------ DATA SHOWN
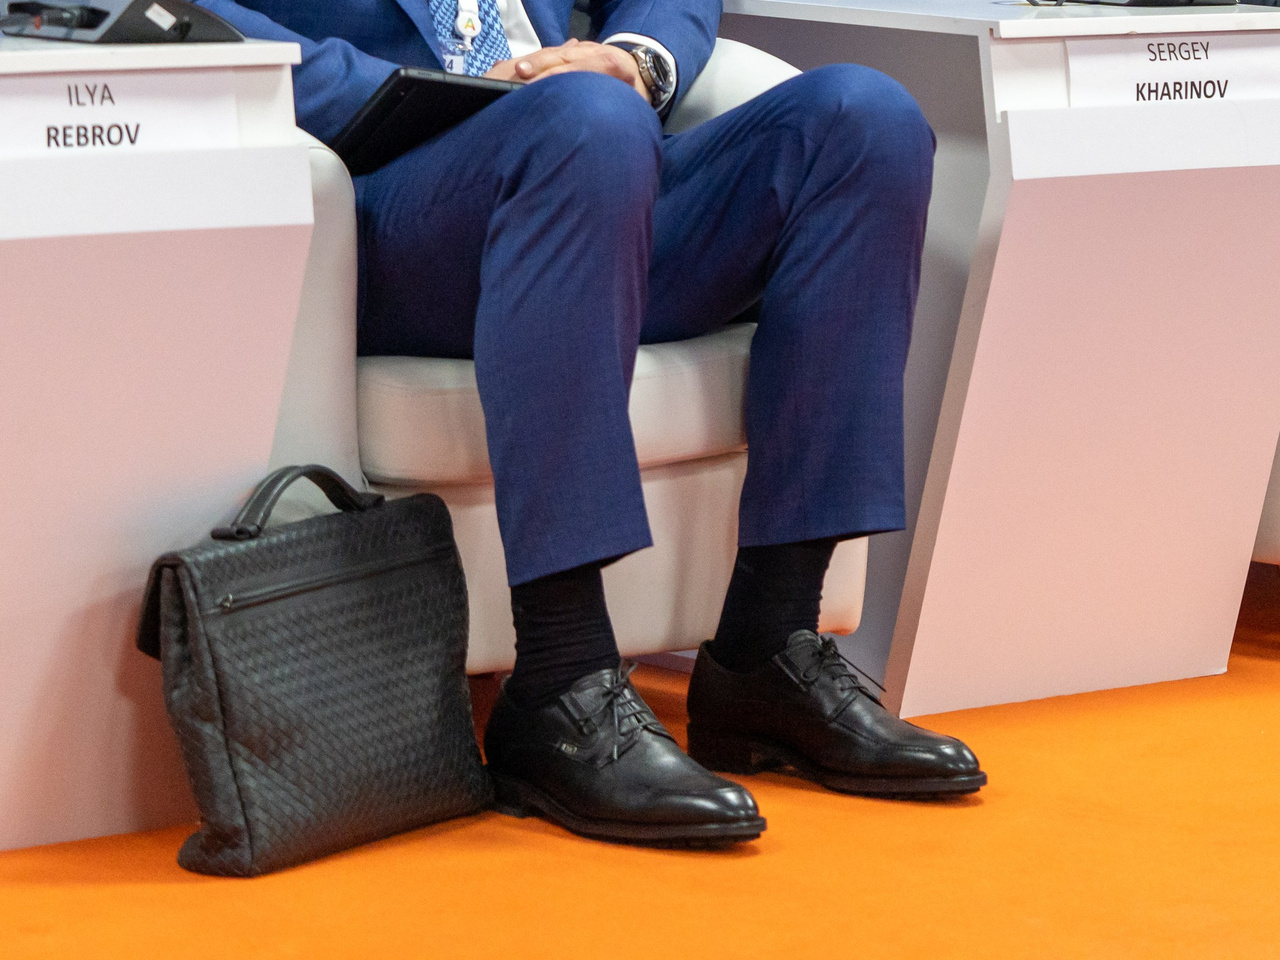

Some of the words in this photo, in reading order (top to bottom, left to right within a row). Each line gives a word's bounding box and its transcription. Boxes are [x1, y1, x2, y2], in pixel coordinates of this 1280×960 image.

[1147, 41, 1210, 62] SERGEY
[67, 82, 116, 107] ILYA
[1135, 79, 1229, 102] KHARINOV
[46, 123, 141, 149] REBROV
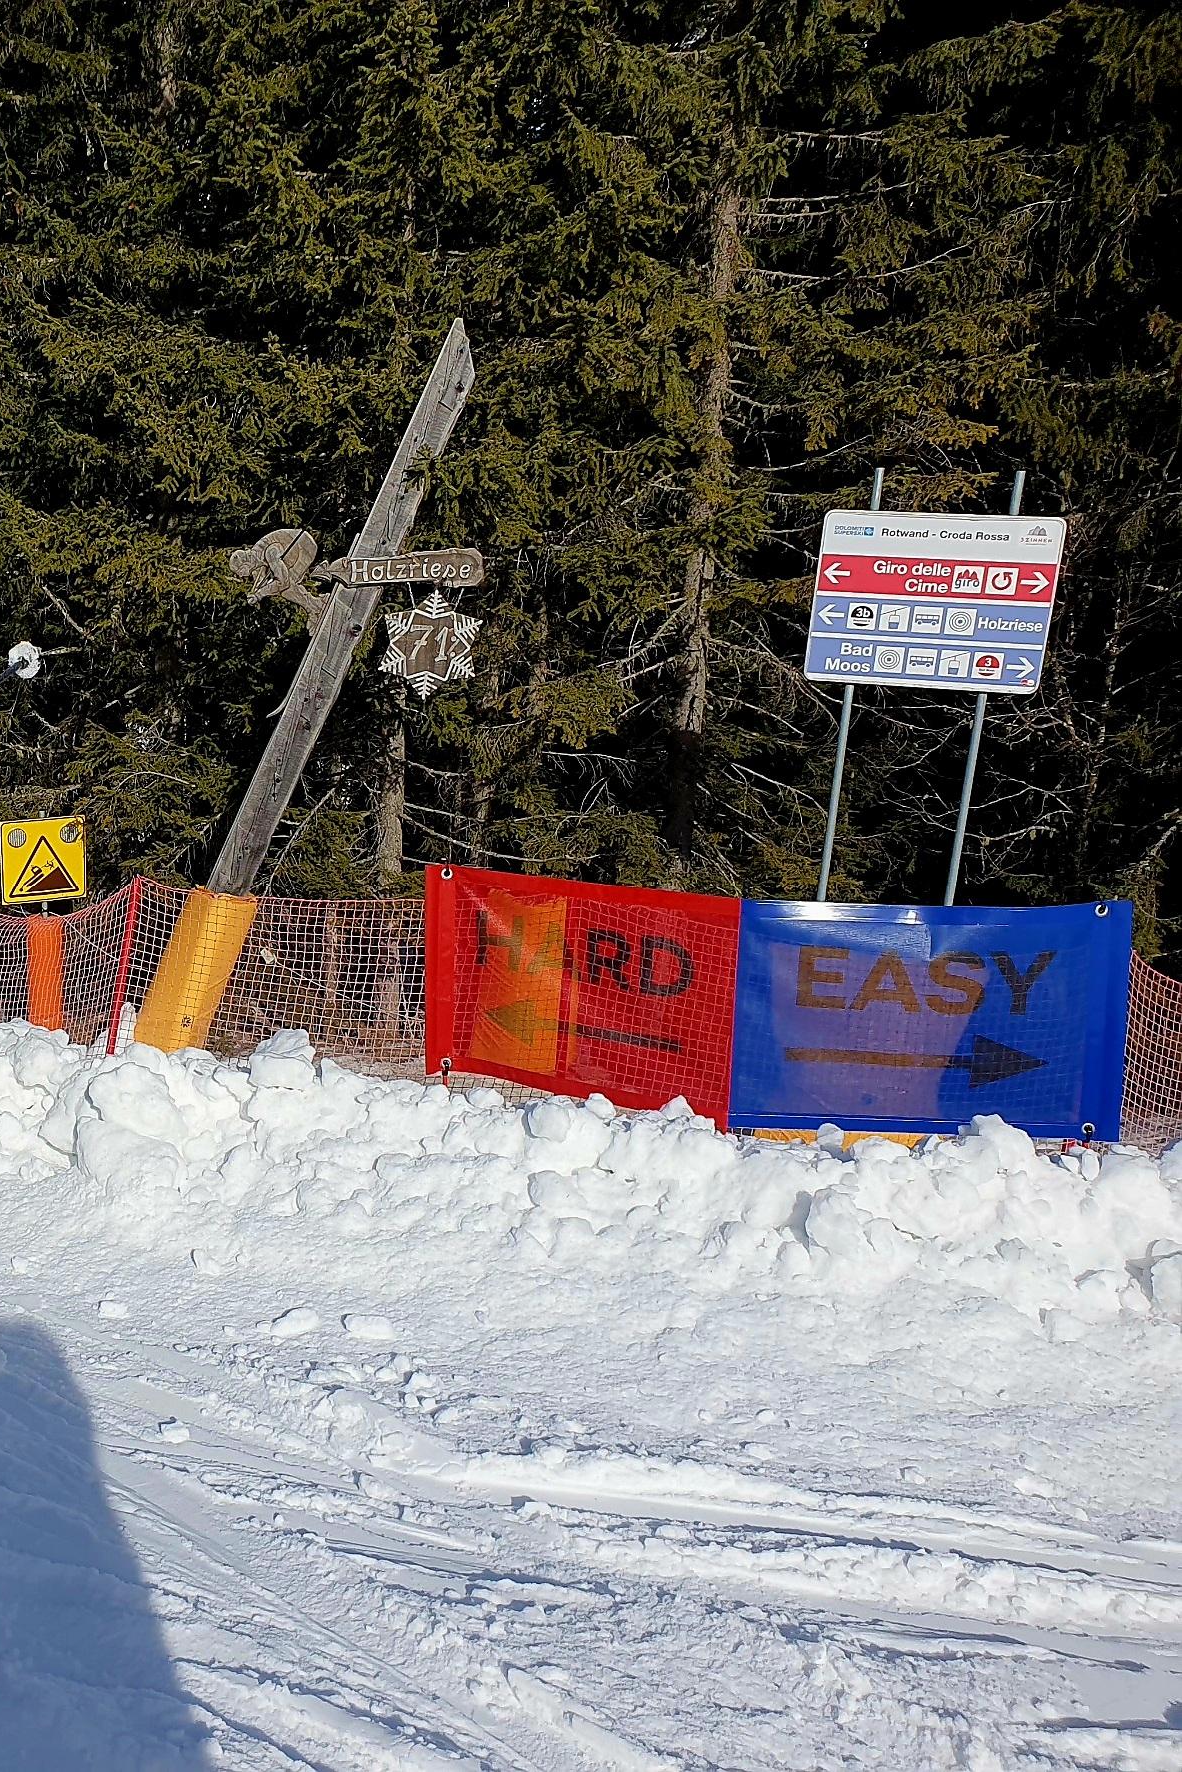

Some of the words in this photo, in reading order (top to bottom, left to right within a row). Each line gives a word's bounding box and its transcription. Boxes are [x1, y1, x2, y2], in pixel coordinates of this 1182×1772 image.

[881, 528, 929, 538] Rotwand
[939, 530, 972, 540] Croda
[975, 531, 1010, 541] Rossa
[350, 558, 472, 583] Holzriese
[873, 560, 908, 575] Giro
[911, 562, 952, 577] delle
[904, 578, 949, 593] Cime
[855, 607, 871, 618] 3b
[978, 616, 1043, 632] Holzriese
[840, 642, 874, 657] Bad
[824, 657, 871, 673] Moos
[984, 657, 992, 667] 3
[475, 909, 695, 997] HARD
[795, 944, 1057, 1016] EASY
------------
Could all the data above be given again exactly, leaving out its images?

RESPONSE TO THIS TASK:
Some of the words in this photo, in reading order (top to bottom, left to right within a row). Each line gives a word's bounding box and its transcription. Boxes are [x1, y1, x2, y2], in pixel coordinates of this 1280×960 image.

[1147, 41, 1210, 62] SERGEY
[67, 82, 116, 107] ILYA
[1135, 79, 1229, 102] KHARINOV
[46, 123, 141, 149] REBROV

Some of the words in this photo, in reading order (top to bottom, left to right within a row). Each line gives a word's bounding box and its transcription. Boxes are [x1, y1, x2, y2], in pixel coordinates of this 1182×1772 image.

[881, 528, 929, 538] Rotwand
[939, 530, 972, 540] Croda
[975, 531, 1010, 541] Rossa
[350, 558, 472, 583] Holzriese
[873, 560, 908, 575] Giro
[911, 562, 952, 577] delle
[904, 578, 949, 593] Cime
[855, 607, 871, 618] 3b
[978, 616, 1043, 632] Holzriese
[840, 642, 874, 657] Bad
[824, 657, 871, 673] Moos
[984, 657, 992, 667] 3
[475, 909, 695, 997] HARD
[795, 944, 1057, 1016] EASY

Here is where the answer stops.